Spatial distribution of dimethylsulfide and dimethylsulfoniopropionate in the Australasian sector of the Southern Ocean

Document Type

Article

Publication details

Curran, MAJ, Jones, GB & Burton, H 1998, 'Spatial distribution of DMS and DMSP in the Australasian sector of the Southern Ocean', Journal of Geophysical Research, vol. 103, no. D13, pp. 16677-16689.

Published version available from:

http://dx.doi.org/10.1029/97JD03453

Peer Reviewed

Peer-Reviewed

Abstract

During 1991–1995, seven voyages were made to the Southern Ocean to determine the distribution of dimethylsulfide (DMS) and dimethylsulfoniopropionate (DMSP) in seawater and air in the Australasian sector (60°E to 165°E). Measurements of DMSP in sea ice were also made. During the summer months the Subtropical Convergence (STC) and Antarctic Convergence (AC) were identified as important source regions of these sulfur compounds. In the Seasonal Ice zone (SIZ) there were marked longitudinal differences possibly reflecting higher productivity and the extent of the sea ice in this region. Levels of DMSP in sea ice cores were consistent with this regional difference. High and variable concentrations of DMSP also occurred in the Subantarctic Zone (SAZ) (45°-53°S), decreasing to lower levels around 64°S, close to the Antarctic Divergence (AD). Upwelling of deep water around the AD is suggested to have been responsible for the low biological activity and low DMSP levels. While there was generally a good relationship between DMSPp and biomass, there was a marked difference in the DMSPp:chlorophyll a ratio between regions, and between years. DMSP was generally negatively correlated with dissolved nitrate, however, it was unclear if the level of nitrate directly affected DMSP production.

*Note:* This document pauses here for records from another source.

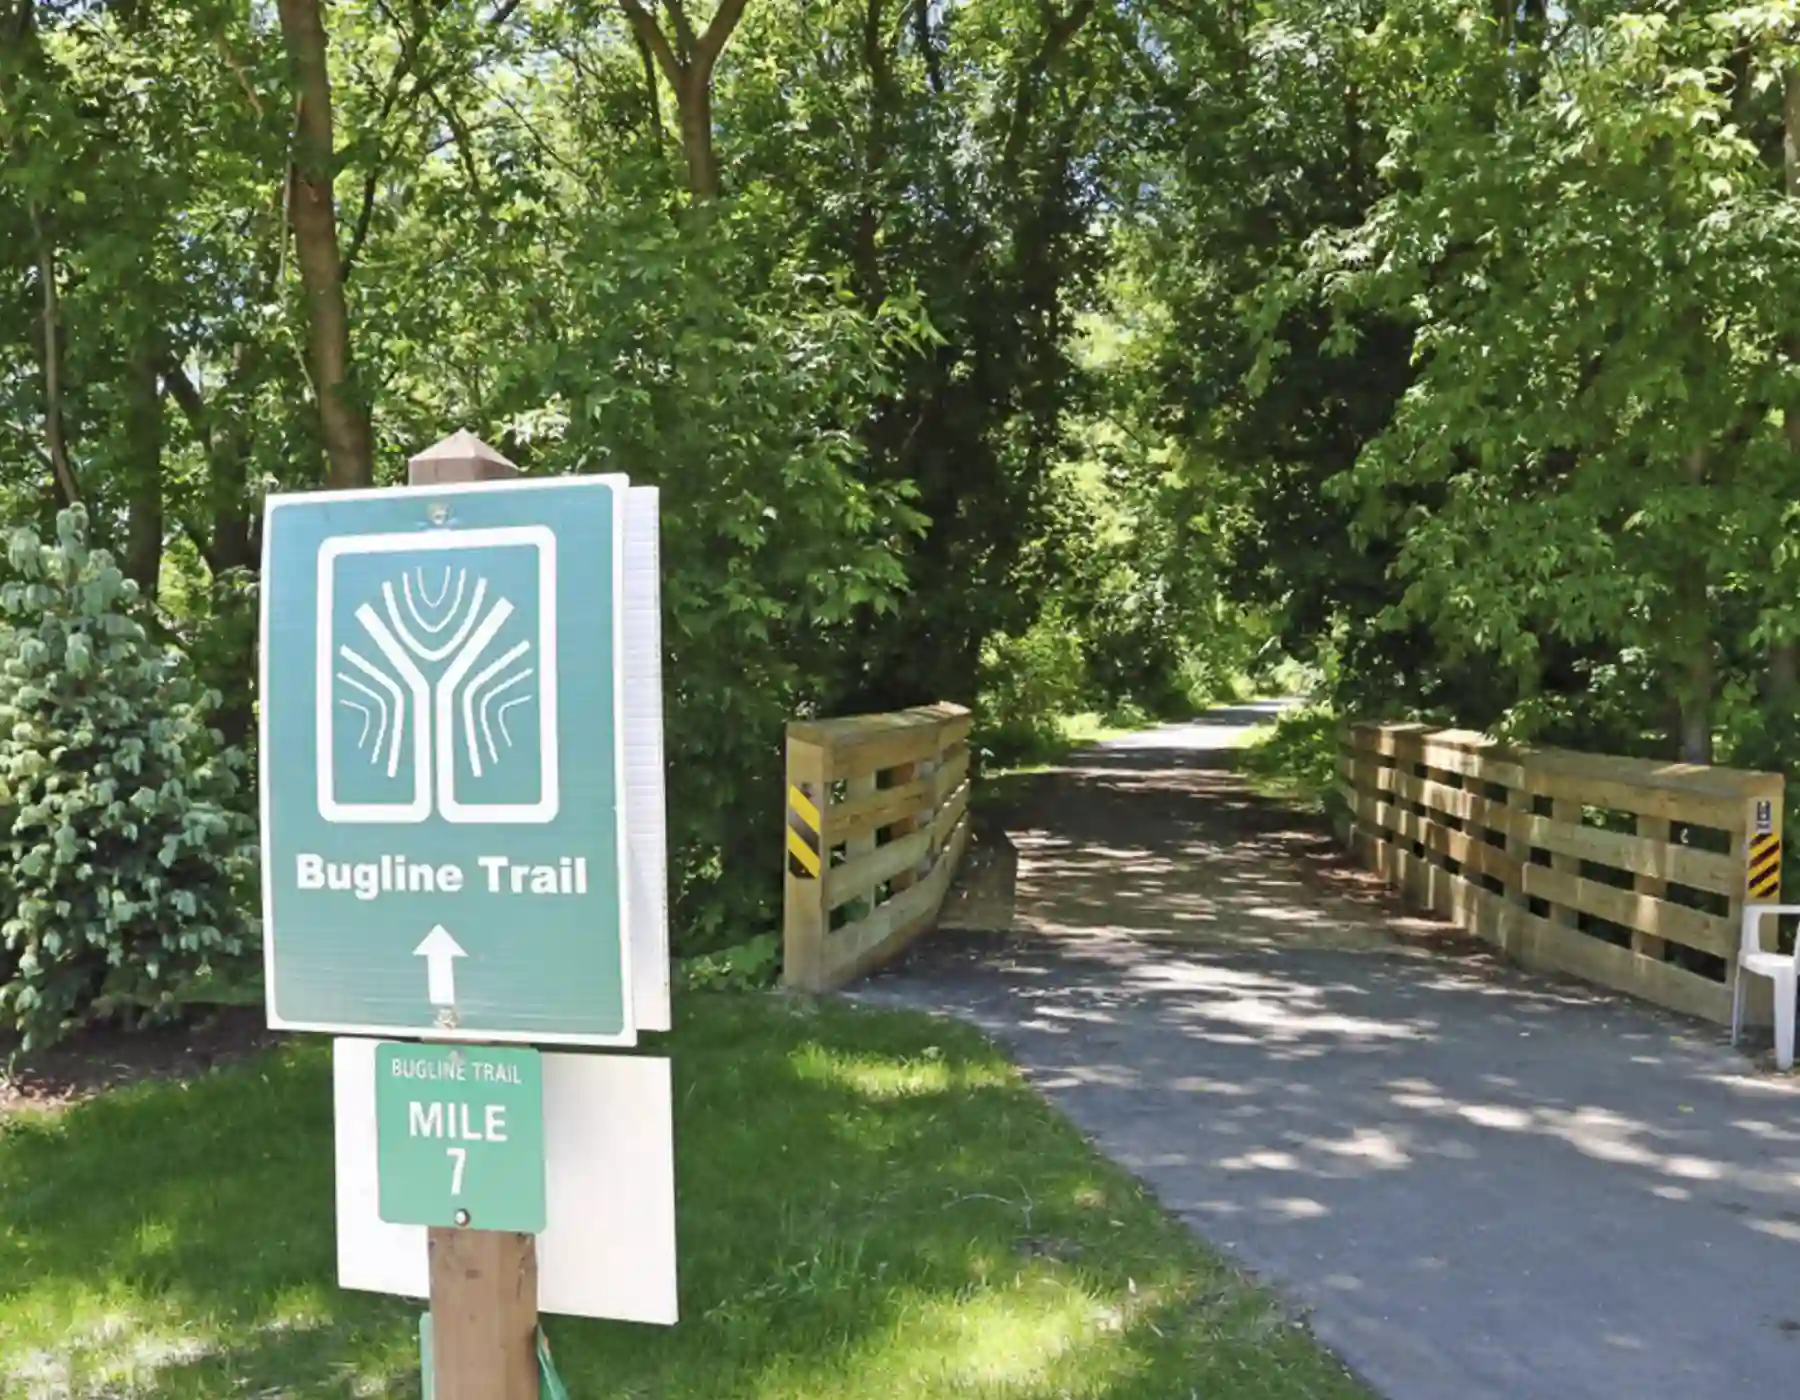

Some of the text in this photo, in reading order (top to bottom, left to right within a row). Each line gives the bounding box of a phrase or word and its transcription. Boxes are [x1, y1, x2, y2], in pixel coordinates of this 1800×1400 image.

[296, 853, 588, 901] Bugline Trail
[391, 1058, 522, 1085] BUGLINE TRAIL
[408, 1101, 508, 1142] MILE
[446, 1148, 466, 1196] 7
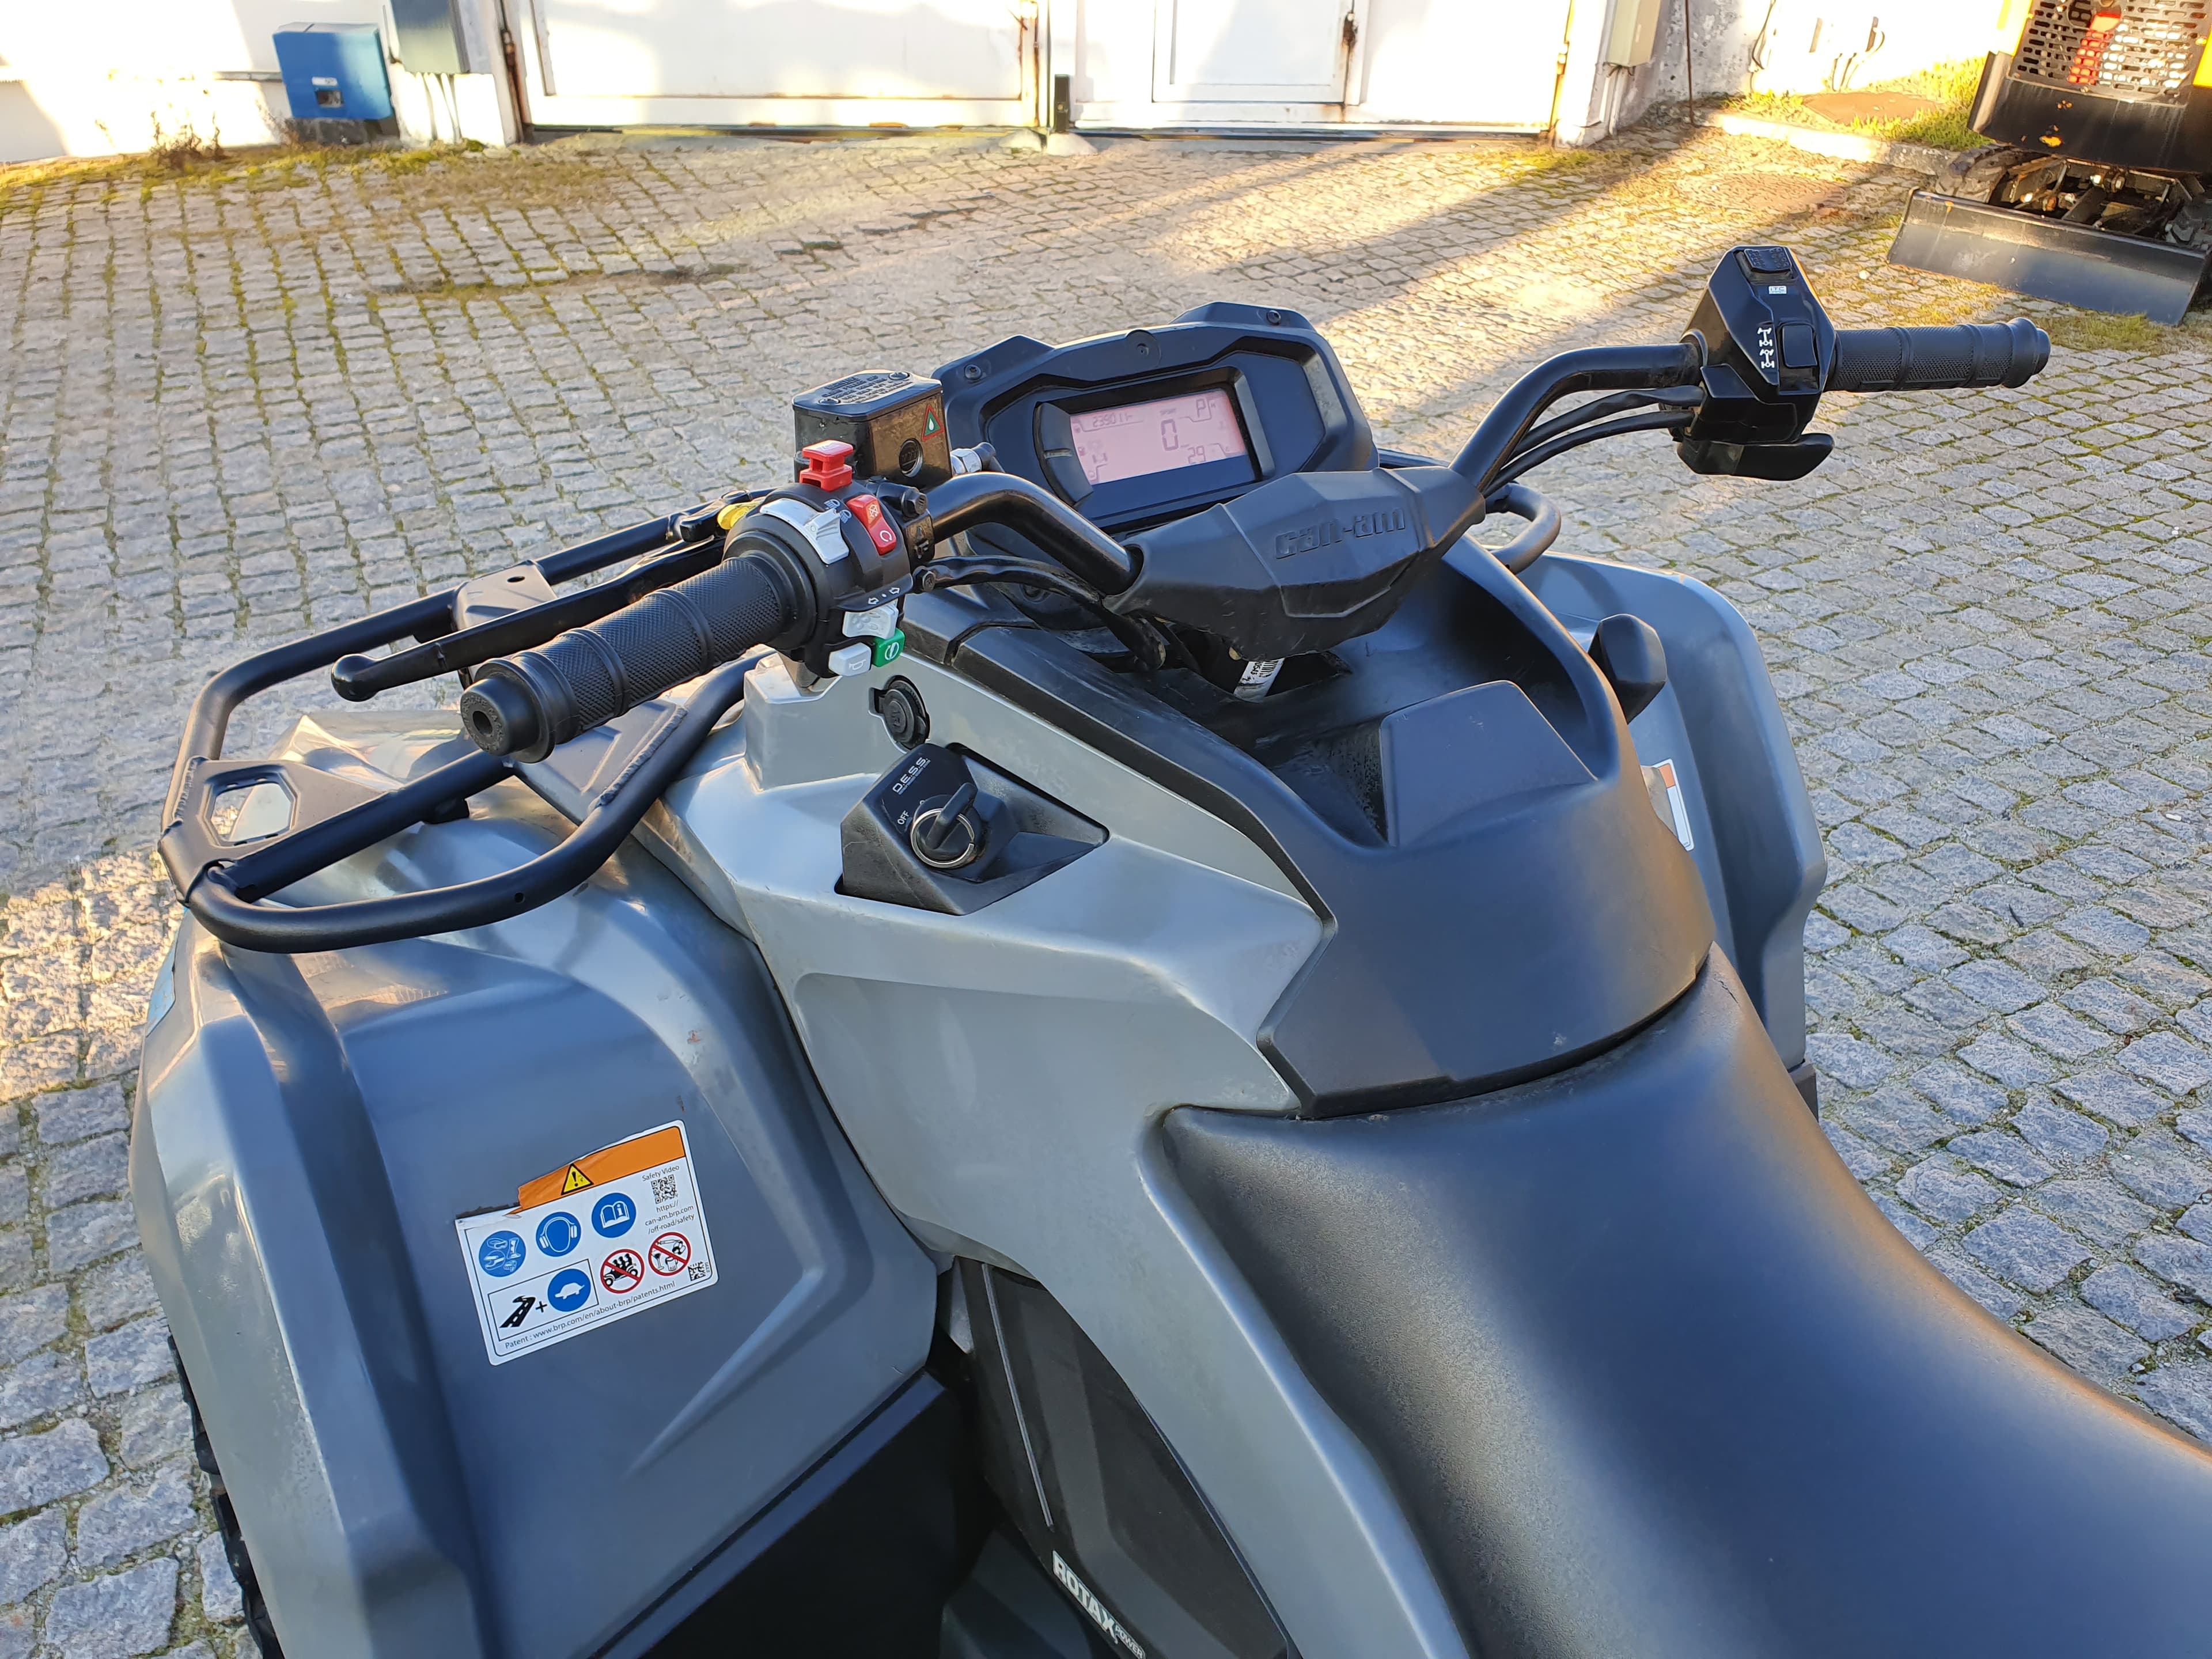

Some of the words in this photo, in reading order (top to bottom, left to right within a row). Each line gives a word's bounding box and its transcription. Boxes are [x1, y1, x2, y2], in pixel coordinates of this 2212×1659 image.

[1160, 419, 1179, 452] 0
[897, 810, 910, 825] OFF
[642, 1171, 661, 1181] Safety
[661, 1165, 680, 1175] Video
[645, 1205, 694, 1226] can-am.brp.com
[656, 1200, 679, 1213] https://
[648, 1213, 695, 1234] /off-road/safety
[505, 1335, 529, 1349] Patent
[533, 1281, 676, 1339] www.brp.com/en/about-brp/patents.html
[1053, 1551, 1118, 1645] ROTAX
[1115, 1624, 1143, 1659] POWER

DMSw levels were highest in the mixed layer, with lower, yet detectable, levels in the deeper ocean. DMSw was occasionally elevated in Antarctic Bottom Water (AABW), suggesting that ice shelf water transports this substance to deeper waters. DMSP was not found above detection limits below the mixed layer, but some evidence was found that DMSP may be transported to deeper waters, close to the Antarctic continent.